Return to office debate and organizational communications culture

The return to office controversy has been about where knowledge workers work. Due to the sunk cost fallacy, anchoring and present cognitive biases, the management of many knowledge organizations — particularly those with substantial investments in office real estate –– believe that should be in the office most of the week. On the flip side, many knowledge workers disagree, arguing knowledge work is more virtual and doesn’t fit into a factory paradigm of set daily shifts measured by office attendance.

But the issue isn’t merely about office space and cube farms and the commute to them. The larger underlying issue is how work gets done and specifically a knowledge organization’s communication culture. In some organizations, the culture is spoken. Staff talk with each other in real time, in conference rooms, break rooms, and in offices and cubicles. In others, it’s more written and asynchronous, expressed in collaboration and project management platforms, emails and chats.

Organizations whose communication culture is more real time spoken-based are naturally more office centric whereas those that are not are more virtual. The former tend to have more difficulty with non co-located work. Calendars get overloaded with meetings since those are the primary means of communication and decision making. This situation existed for decades before the public health restrictions of the COVID-19 pandemic forced many organizations out of the office. Knowledge workers complain it’s difficult to get work done in a day filled with meetings; the dominant speaking communication culture interferes with more concentrated thought work. When done virtually, it leads to “Zoom fatigue.”

In some organizations, management frowns on staff informally chatting among themselves, thinking they are not getting any work done. Ironically, these same organizations argue staff must be in the office to bump into each other and talk informally, contending these activities promote collaboration and serendipitous creativity. So there’s a bit of a conflict going on between these expectations that requires organizations to engage in some honest introspection.
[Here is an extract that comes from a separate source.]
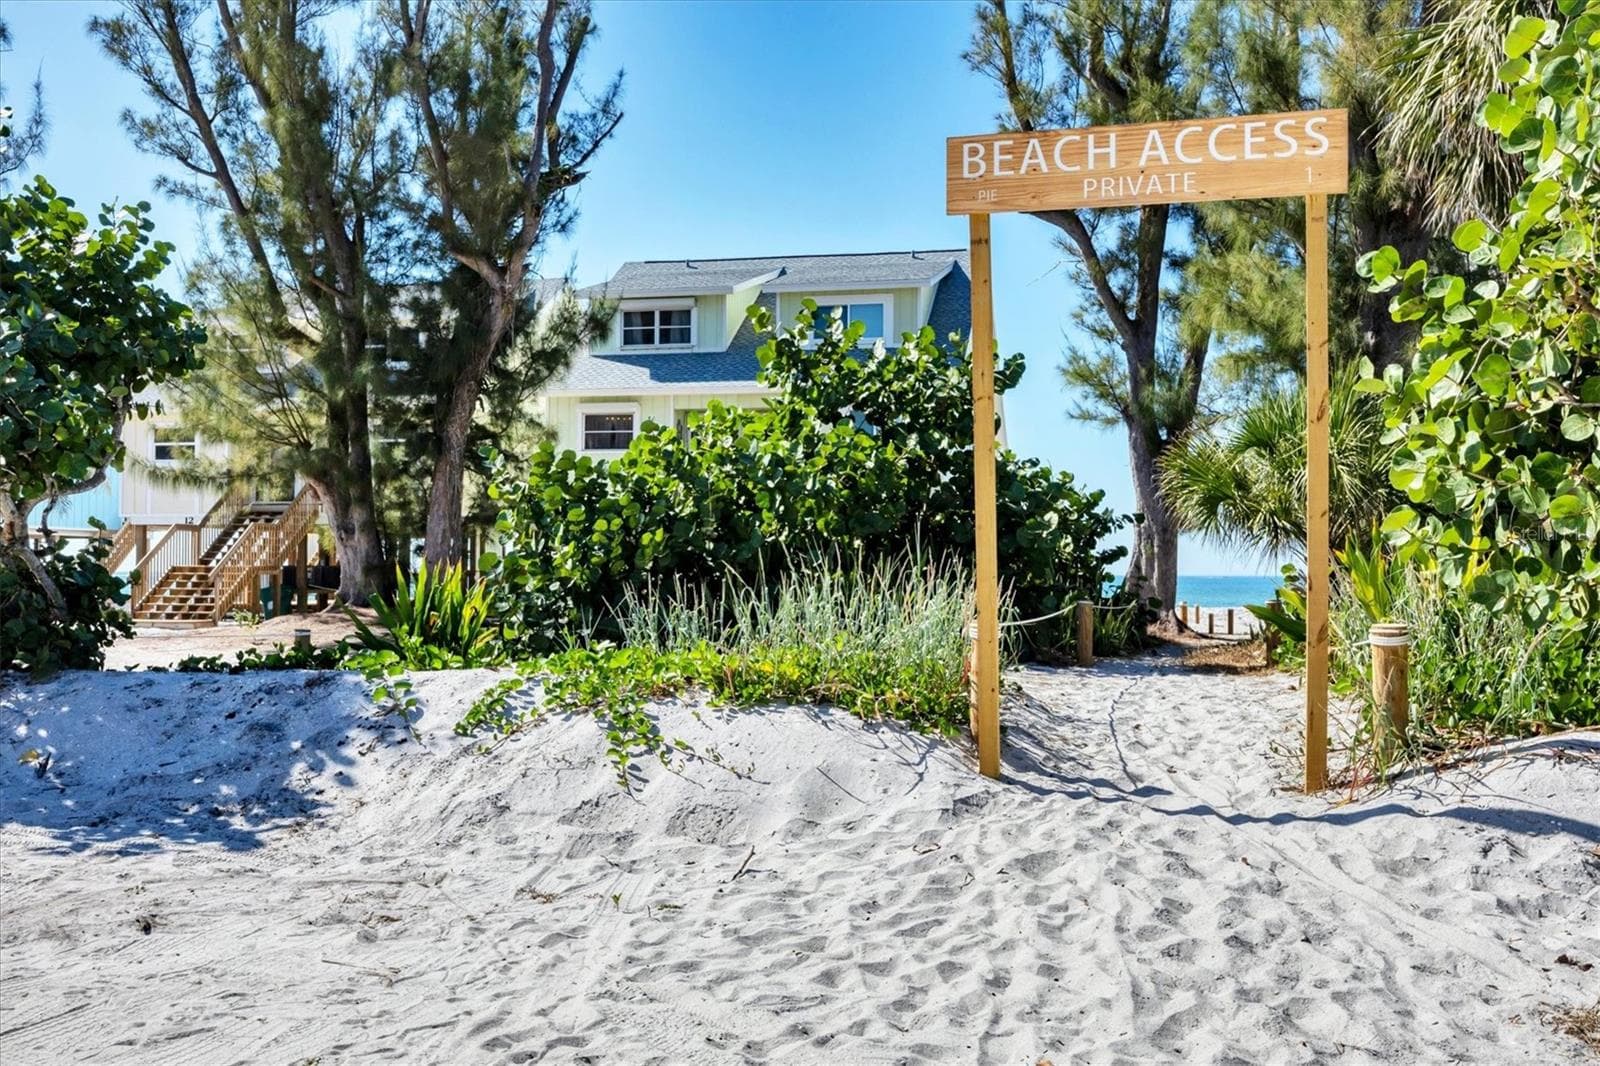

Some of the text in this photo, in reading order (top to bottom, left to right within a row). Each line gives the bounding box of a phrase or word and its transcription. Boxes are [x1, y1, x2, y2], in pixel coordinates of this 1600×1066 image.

[962, 116, 1329, 179] BEACH ACCESS
[1083, 171, 1197, 199] PRIVATE
[185, 516, 194, 524] 12
If real time, spoken communication is truly at the core of an organization’s communications culture, management must determine how that’s best done: where, when and how often and for what purposes.

For those organizations looking to become less office-centric, their challenge is to build a communications culture based more on asynchronous written communication and select the collaboration and project management platforms that best support it.

At its core, return to office debate about redefining knowledge work

Personal computing and communication devices and the Internet have decentralized knowledge work and made the daily trip to centralized commuter offices (CCOs) obsolete. Knowledge workers discovered its irrelevance and enjoyed recovering personal time spent commuting during the public health social distancing measures in response to the COVID-19 pandemic.

Now as some organizations demand they return to the office (RTO) on a set number or designated days of the week, many are understandably rebelling.

But the real debate isn’t about showing up in person at the CCO on a prescribed number of specific weekdays. It’s about redefining knowledge work and specifically how it’s done and managed.

In his 2013 book 2013 eBook Four Dead Kings at Work: The Decentralization and Blending of Work in the 21st Century, author Dave Rolston predicted the imminent death of the four primary tenets or kings of knowledge work in the Industrial Age:

  1. Set job duties;
  2. Managed by a single manager;
  3. Performed at one place (the CCO);
  4. At the same time (8-5, Monday-Friday).

This definition worked well before 1990 when the tools for knowledge work were at the workplace and not portable like today’s personal devices, online databases, collaboration platforms and more recently, AI chatbots.

Now, organizations and knowledge workers must adjust to the post-Industrial Age environment. That entails determining when co-located work is beneficial and when it isn’t. It also requires assessing the communications culture.

When knowledge workers were regularly in the CCO, meetings — both scheduled and ad hoc — were frequent. Even too frequent for many knowledge workers. They express a real time, speaking-based communication culture.

To fully utilize today’s communication and collaboration tools, knowledge organizations must adopt a more written, asynchronous communication culture. They also must find the right balance between this and spoken communication and when knowledge workers must be assembled to discuss and sort through complex and difficult issues that benefit from synchronous, in person discussion. That is driven more by business needs to complete reports and projects and reach decisions rather than the daily calendar.

It’s also critical that knowledge organizations keep their missions clearly communicated to staff so they can see how their work makes a meaningful contribution as this article in today’s Wall Street Journal implies.